Nearly seven out of every 1,000 babies born in Michigan will not live to their first birthday. That rate is more than double when it comes to African American and Native American infants.
As part of its new effort to move the needle on infant mortality, the state is tailoring solutions to different communities. It recently released a draft of its 2019-2022 Mother Infant Health & Equity Improvement Plan (MIHIEP).
Leseliey Welch is a senior public health lecturer at Wayne State University. She's currently leading the development team for Birth Detroit, a women’s wellness and birth center.
Bethany Brown is a certified nurse midwife and assistant director for the nursing program at Central Michigan University. She's also part of the state's regional infant mortality task force for parts of central Michigan, including Isabella County.
Welch says that in order to address the issue of infant mortality in Detroit — which has a rate of 14.2 deaths per 1,000 infants born — it’s important to talk about racism and the “political and socioeconomic conditions” that women face.
“We know that we need to address the challenges — the larger challenges — that families are having. Whether it be around income levels and poverty, whether it is housing, whether it’s transportation access, those larger factors complicate how women are able to access the care that exists,” Welch said.
Isabella County in central Michigan had an infant mortality rate of 11.7 per 1,000 births in 2017. That makes it the highest in the state, though Wayne County had the highest number of infant deaths. Brown says that implicit bias on the part of health care providers plays a role in the quality of care that different populations in that county receive.
“An implicit bias is when a person has these upbringings and beliefs that they may not be completely aware of, and it shapes how we make decisions and care for people,” Brown said.
Welch says that the current disparities in both infant and maternal mortality are rooted in racism, which impacts the resources and opportunities available to women of color. It also impacts the quality of care that they receive from providers, regardless of socioeconomic status or education level.
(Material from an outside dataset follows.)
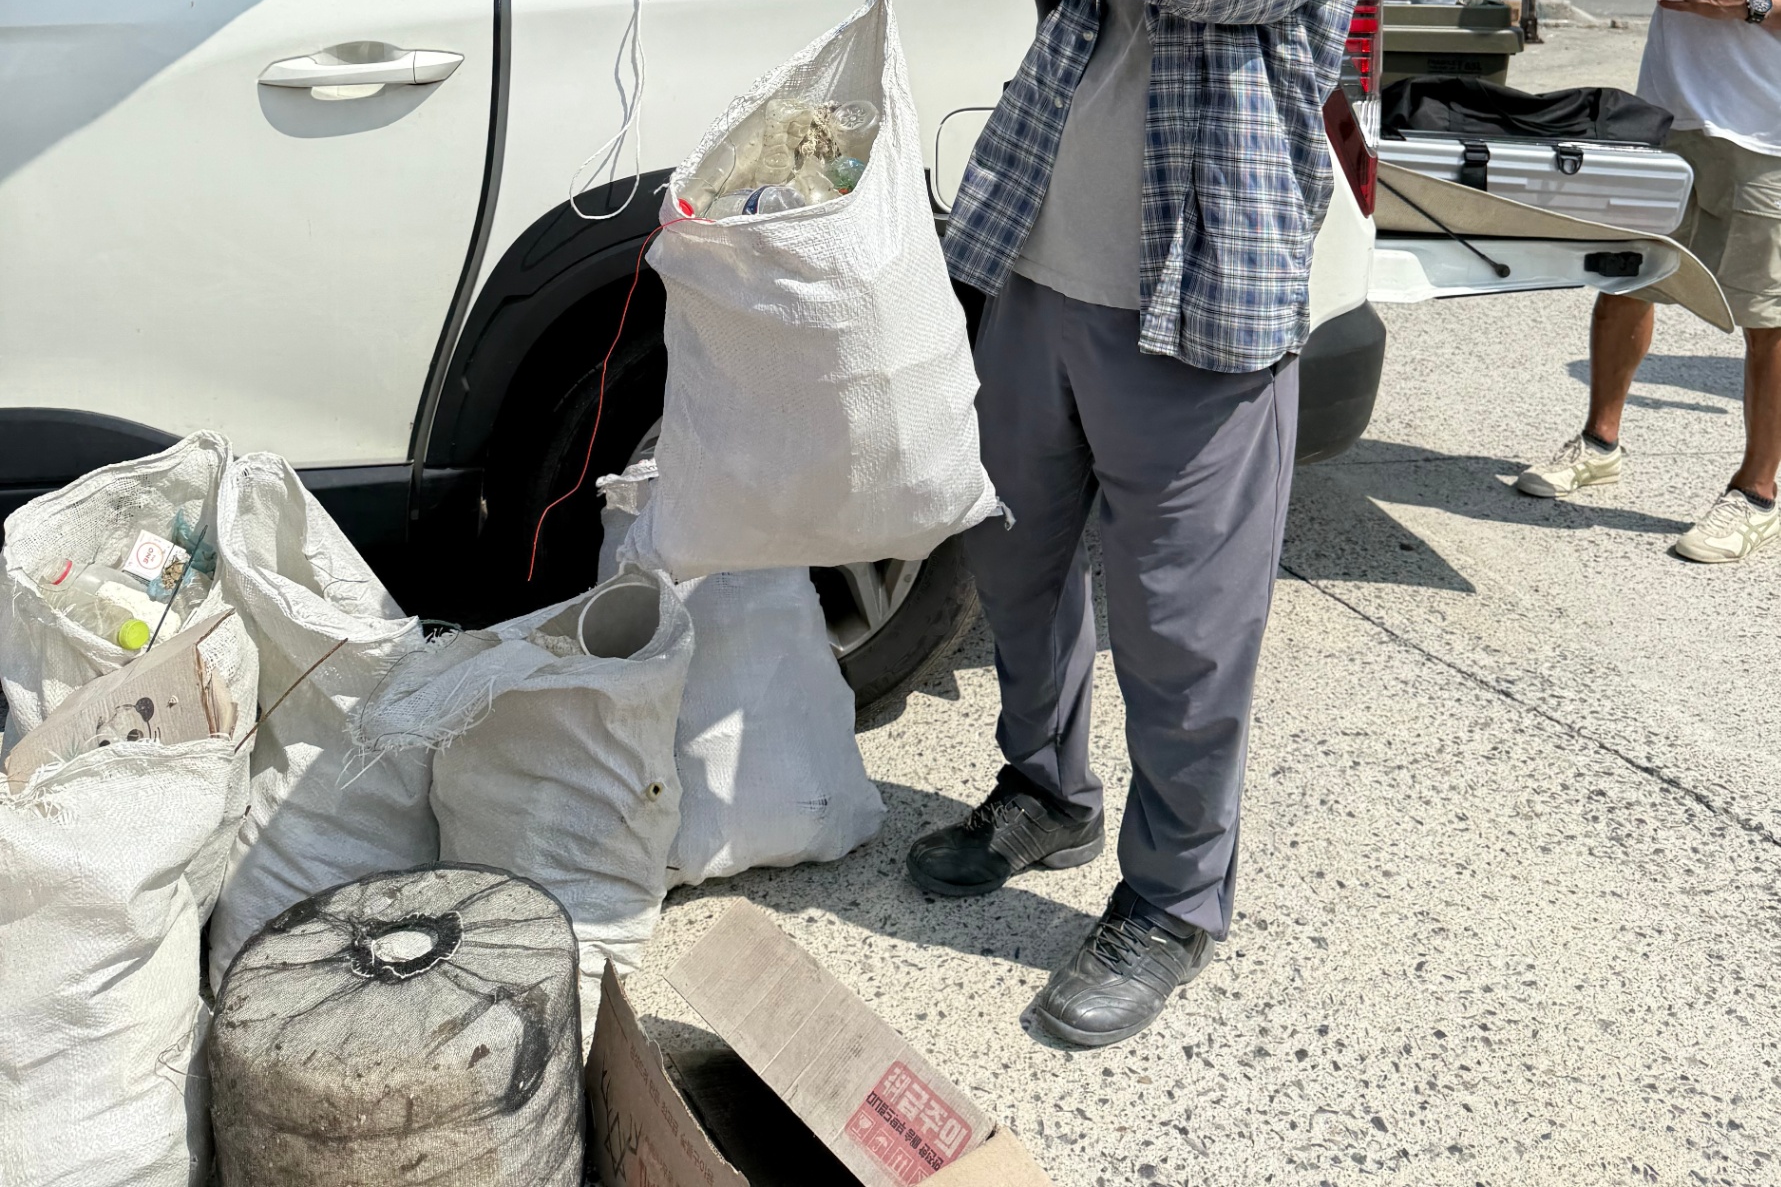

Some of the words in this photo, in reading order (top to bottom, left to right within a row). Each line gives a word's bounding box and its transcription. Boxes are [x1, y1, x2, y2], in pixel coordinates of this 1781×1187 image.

Brown says that racial and cultural disparities in Isabella County, which is home to the Saginaw Chippewa Indian Tribe of Michigan, also influences quality of care because providers and patients often come from different backgrounds and may have different priorities.
Both Welch and Brown cite programs that are working to address these issues in their respective communities, including plans for Birth Detroit and for “mobile prenatal care or certified nurse midwives” in Isabella County.
The state of Michigan has set a target to reach zero preventable infant deaths and zero health disparities among its citizens, a goal that Welch and Brown agree is entirely possible. Welch says it will require going beyond healthcare to improve people's economic opportunity, improving housing, ensuring pay equity, and affordable child care.
“Those things in combination with improving our care systems and enforcing or promoting standards of respectful care at birth and really leveraging community-based models of care and meeting families where they are, we can absolutely do that,” Welch said. “There’s no reason to think we can’t.”